Mühlebner, A; Bongaarts, A; Sarnat, H B; Scholl, T; Aronica, E.
Afiliação
  • Mühlebner A; Department of Neuropathology, Amsterdam UMC, University of Amsterdam, Amsterdam, The Netherlands.
  • Bongaarts A; Department of Neuropathology, Amsterdam UMC, University of Amsterdam, Amsterdam, The Netherlands.
  • Sarnat HB; Departments of Paediatrics, Pathology (Neuropathology) and Clinical Neurosciences, University of Calgary Cumming School of Medicine and Alberta Children's Hospital Research Institute (Owerko Centre), Calgary, AB, Canada.
  • Scholl T; Department of Paediatric and Adolescent Medicine, Medical University of Vienna, Vienna, Austria.
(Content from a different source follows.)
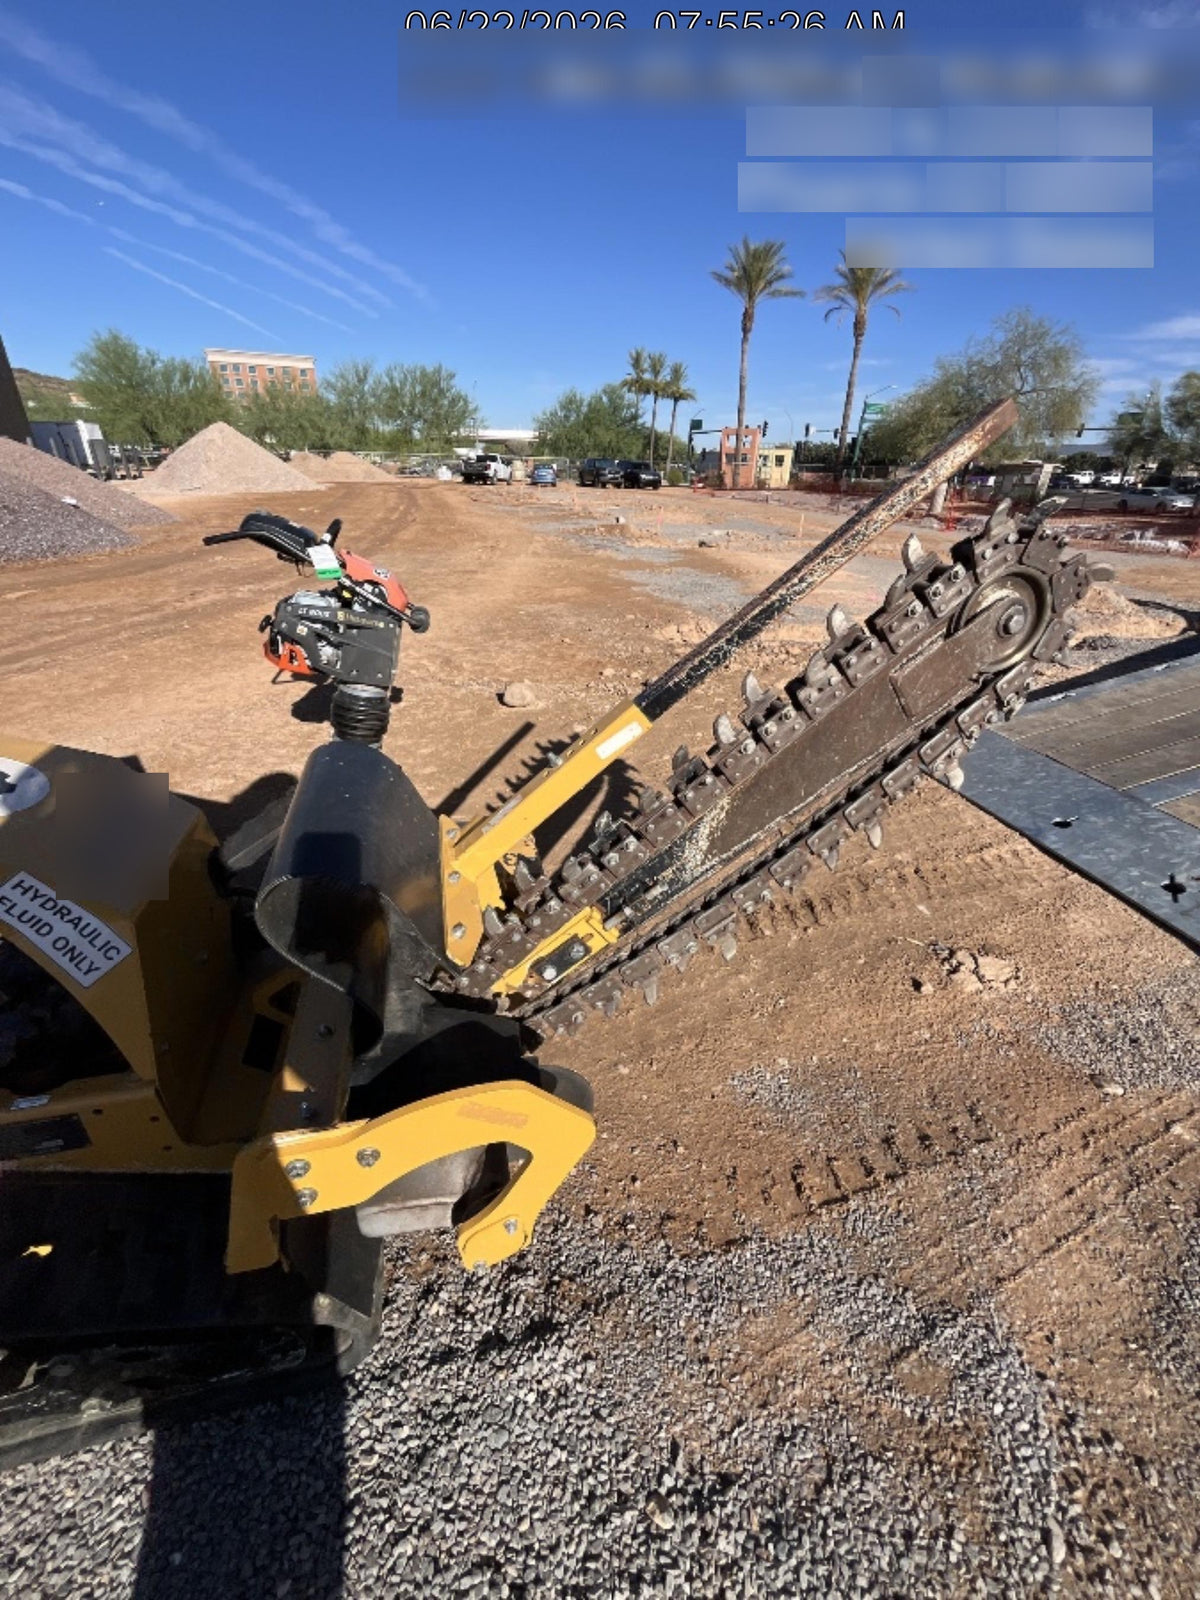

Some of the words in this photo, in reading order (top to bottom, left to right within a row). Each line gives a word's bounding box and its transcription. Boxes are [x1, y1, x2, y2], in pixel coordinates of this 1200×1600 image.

  • Aronica E; Department of Neuropathology, Amsterdam UMC, University of Amsterdam, Amsterdam, The Netherlands.
J Anat ; 235(3): 521-542, 2019 09.
Article em En | MEDLINE | ID: mdl-30901081
In recent years the role of the mammalian target of rapamycin (mTOR) pathway has emerged as crucial for normal cortical development. Therefore, it is not surprising that aberrant activation of mTOR is associated with developmental malformations and epileptogenesis. A broad spectrum of malformations of cortical development, such as focal cortical dysplasia (FCD) and tuberous sclerosis complex (TSC), have been linked to either germline or somatic mutations in mTOR pathway-related genes, commonly summarised under the umbrella term 'mTORopathies'. However, there are still a number of unanswered questions regarding the involvement of mTOR in the pathophysiology of these abnormalities. Therefore, a monogenetic disease, such as TSC, can be more easily applied as a model to study the mechanisms of epileptogenesis and identify potential new targets of therapy. Developmental neuropathology and genetics demonstrate that FCD IIb and hemimegalencephaly are the same diseases. Constitutive activation of mTOR signalling represents a shared pathogenic mechanism in a group of developmental malformations that have histopathological and clinical features in common, such as epilepsy, autism and other comorbidities. We seek to understand the effect of mTOR dysregulation in a developing cortex with the propensity to generate seizures as well as the aftermath of the surrounding environment, including the white matter.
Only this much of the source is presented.